Every record below is to be copied exactly, with its images omitted.

──────── RECORDS TO PROCESS ────────

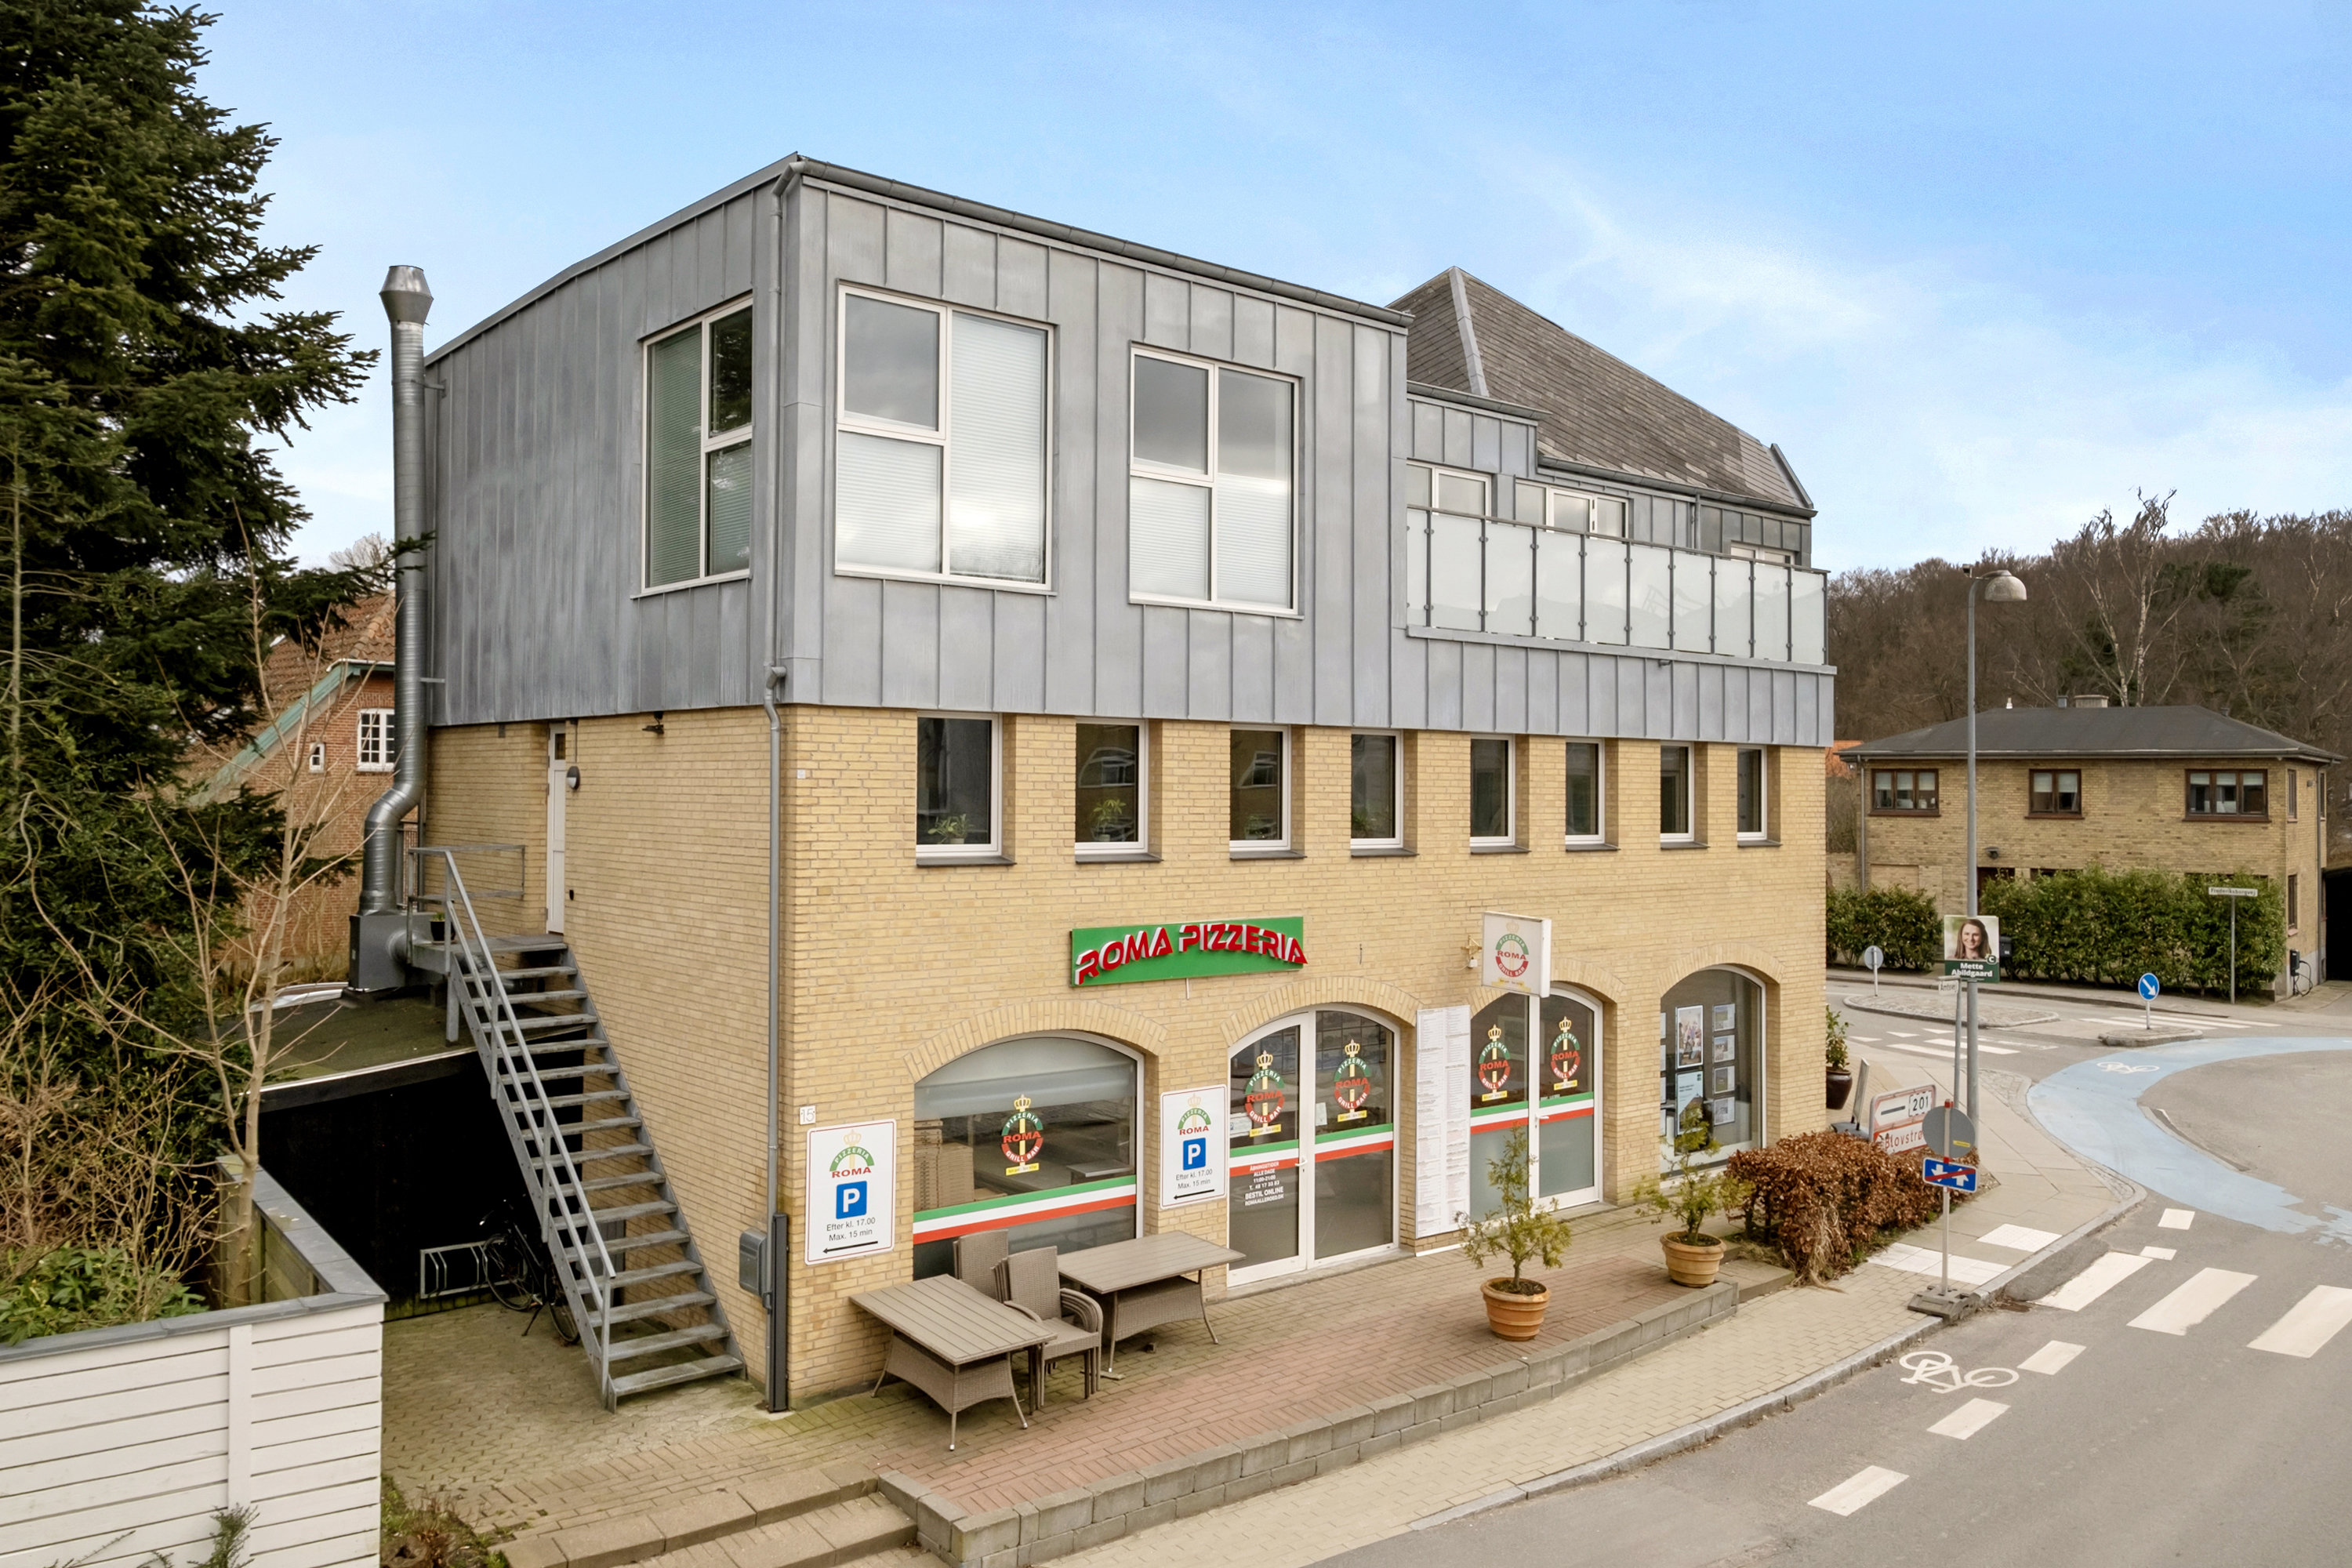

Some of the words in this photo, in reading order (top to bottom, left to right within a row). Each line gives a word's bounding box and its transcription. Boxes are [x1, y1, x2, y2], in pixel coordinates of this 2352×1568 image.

[1500, 935, 1525, 947] PIZZERIA
[1075, 927, 1173, 985] ROMA
[1178, 923, 1308, 964] PIZZERIA
[1497, 950, 1526, 960] ROMA
[1498, 963, 1513, 976] GRILL
[1515, 966, 1525, 975] BAR
[1951, 969, 1993, 978] Abildgaard
[1553, 1033, 1577, 1047] PIZZERIA
[1482, 1042, 1507, 1057] PIZZERIA
[1552, 1051, 1579, 1061] ROMA
[1338, 1058, 1367, 1073] PIZZERIA
[1480, 1060, 1508, 1071] ROMA
[1553, 1067, 1567, 1078] GRILL
[1568, 1064, 1578, 1076] BAR
[1249, 1069, 1281, 1087] PIZZERIA
[1336, 1077, 1368, 1088] ROMA
[1482, 1078, 1496, 1089] GRILL
[1497, 1074, 1508, 1087] BAR
[1246, 1090, 1283, 1102] ROMA
[1338, 1096, 1354, 1109] GRILL
[1356, 1092, 1367, 1106] BAR
[1913, 1096, 1929, 1111] 201
[801, 1108, 815, 1123] 15
[1006, 1112, 1038, 1128] PIZZERIA
[1181, 1109, 1207, 1122] PIZZERIA
[1250, 1110, 1267, 1123] GRILL
[1269, 1106, 1282, 1120] BAR
[1004, 1131, 1041, 1143] ROMA
[1179, 1125, 1209, 1135] ROMA
[1885, 1131, 1922, 1149] Blovstrø
[835, 1146, 869, 1163] PIZZERIA
[1006, 1150, 1024, 1162] GRILL
[1026, 1146, 1040, 1160] BAR
[1188, 1144, 1201, 1165] P
[832, 1167, 871, 1178] ROMA
[1245, 1190, 1263, 1200] BESTIL
[1264, 1186, 1283, 1196] ONLINE
[843, 1188, 860, 1213] P
[826, 1221, 844, 1232] Efter
[856, 1217, 876, 1227] 17.00
[829, 1233, 846, 1242] Max.
[849, 1230, 858, 1239] 15
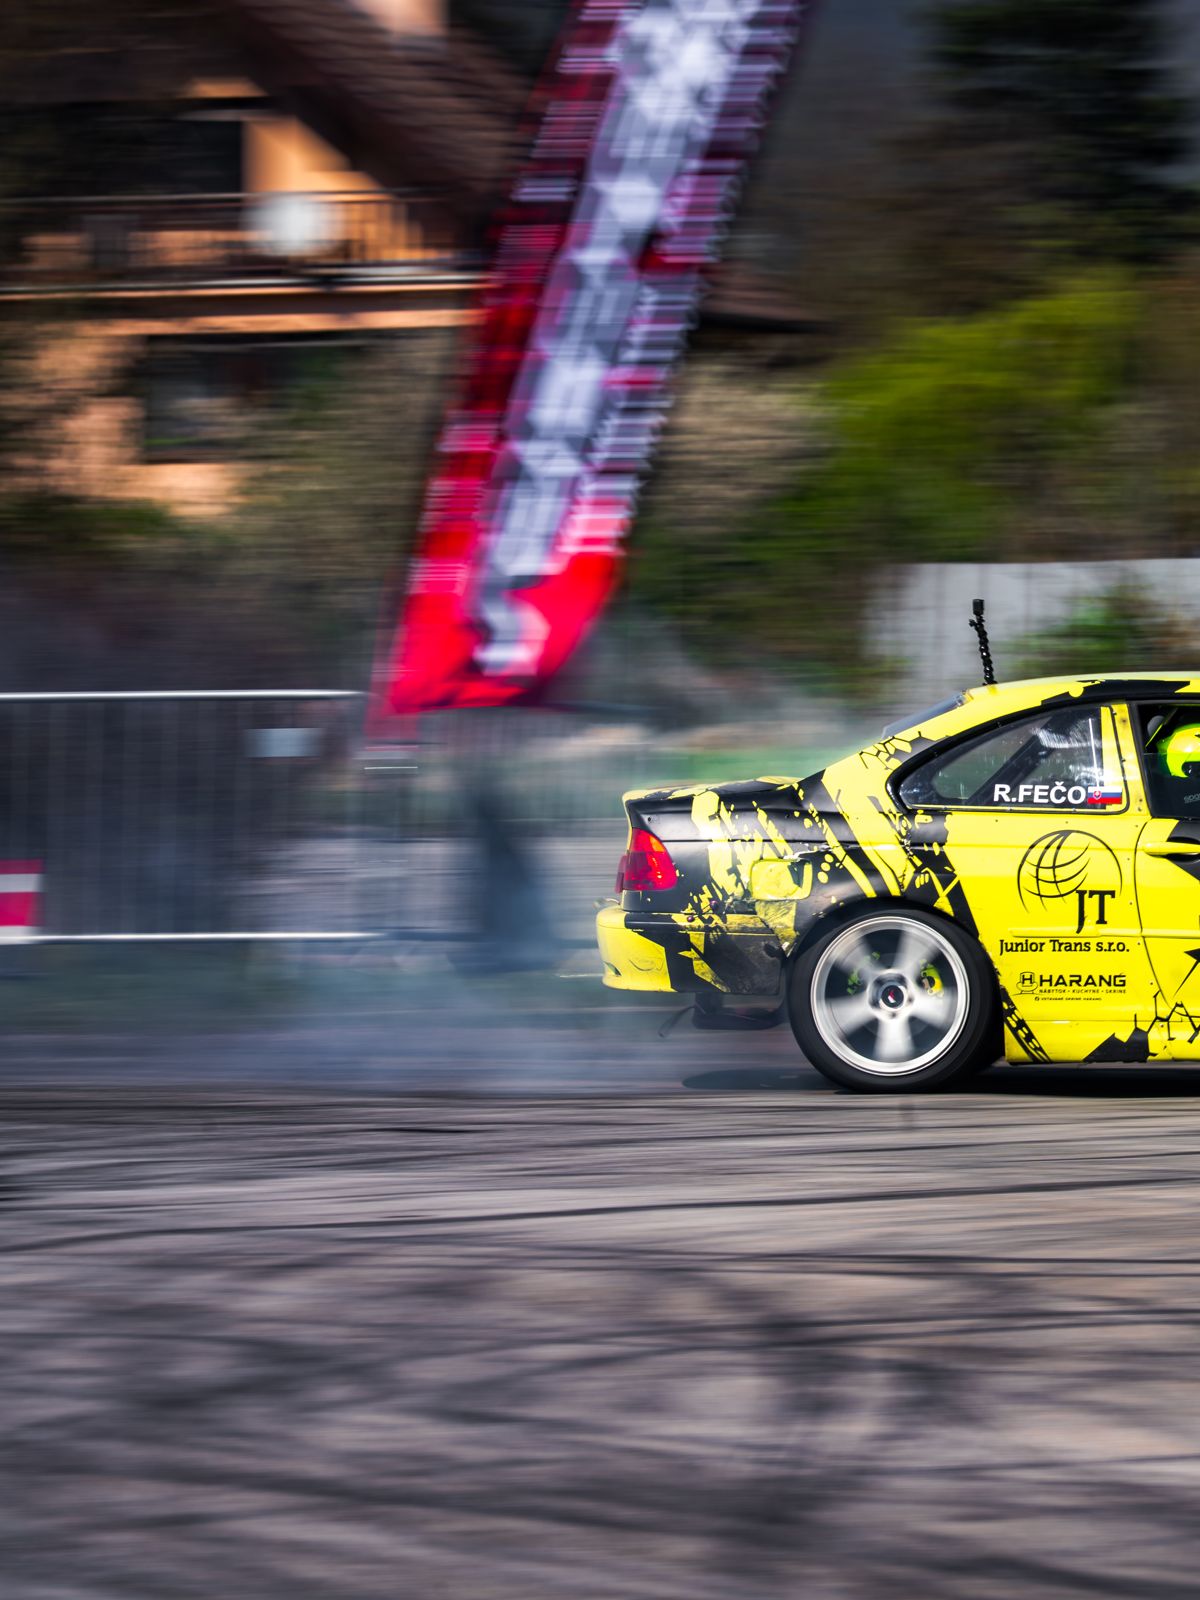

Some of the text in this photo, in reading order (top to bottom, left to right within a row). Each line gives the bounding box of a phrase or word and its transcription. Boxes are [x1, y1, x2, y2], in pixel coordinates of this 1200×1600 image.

────────

* [EXERCISE RESPONSE]:
Some of the words in this photo, in reading order (top to bottom, left to right within a row). Each line gives a word's bounding box and its transcription. Boxes are [x1, y1, x2, y2], in pixel coordinates of this 2352×1568 image.

[1500, 935, 1525, 947] PIZZERIA
[1075, 927, 1173, 985] ROMA
[1178, 923, 1308, 964] PIZZERIA
[1497, 950, 1526, 960] ROMA
[1498, 963, 1513, 976] GRILL
[1515, 966, 1525, 975] BAR
[1951, 969, 1993, 978] Abildgaard
[1553, 1033, 1577, 1047] PIZZERIA
[1482, 1042, 1507, 1057] PIZZERIA
[1552, 1051, 1579, 1061] ROMA
[1338, 1058, 1367, 1073] PIZZERIA
[1480, 1060, 1508, 1071] ROMA
[1553, 1067, 1567, 1078] GRILL
[1568, 1064, 1578, 1076] BAR
[1249, 1069, 1281, 1087] PIZZERIA
[1336, 1077, 1368, 1088] ROMA
[1482, 1078, 1496, 1089] GRILL
[1497, 1074, 1508, 1087] BAR
[1246, 1090, 1283, 1102] ROMA
[1338, 1096, 1354, 1109] GRILL
[1356, 1092, 1367, 1106] BAR
[1913, 1096, 1929, 1111] 201
[801, 1108, 815, 1123] 15
[1006, 1112, 1038, 1128] PIZZERIA
[1181, 1109, 1207, 1122] PIZZERIA
[1250, 1110, 1267, 1123] GRILL
[1269, 1106, 1282, 1120] BAR
[1004, 1131, 1041, 1143] ROMA
[1179, 1125, 1209, 1135] ROMA
[1885, 1131, 1922, 1149] Blovstrø
[835, 1146, 869, 1163] PIZZERIA
[1006, 1150, 1024, 1162] GRILL
[1026, 1146, 1040, 1160] BAR
[1188, 1144, 1201, 1165] P
[832, 1167, 871, 1178] ROMA
[1245, 1190, 1263, 1200] BESTIL
[1264, 1186, 1283, 1196] ONLINE
[843, 1188, 860, 1213] P
[826, 1221, 844, 1232] Efter
[856, 1217, 876, 1227] 17.00
[829, 1233, 846, 1242] Max.
[849, 1230, 858, 1239] 15

Some of the text in this photo, in reading order (top to bottom, left to right within a row). Each line gives the bounding box of a phrase or word and its transcription. Boxes are [x1, y1, x2, y2], in pixel coordinates of this 1200×1600 image.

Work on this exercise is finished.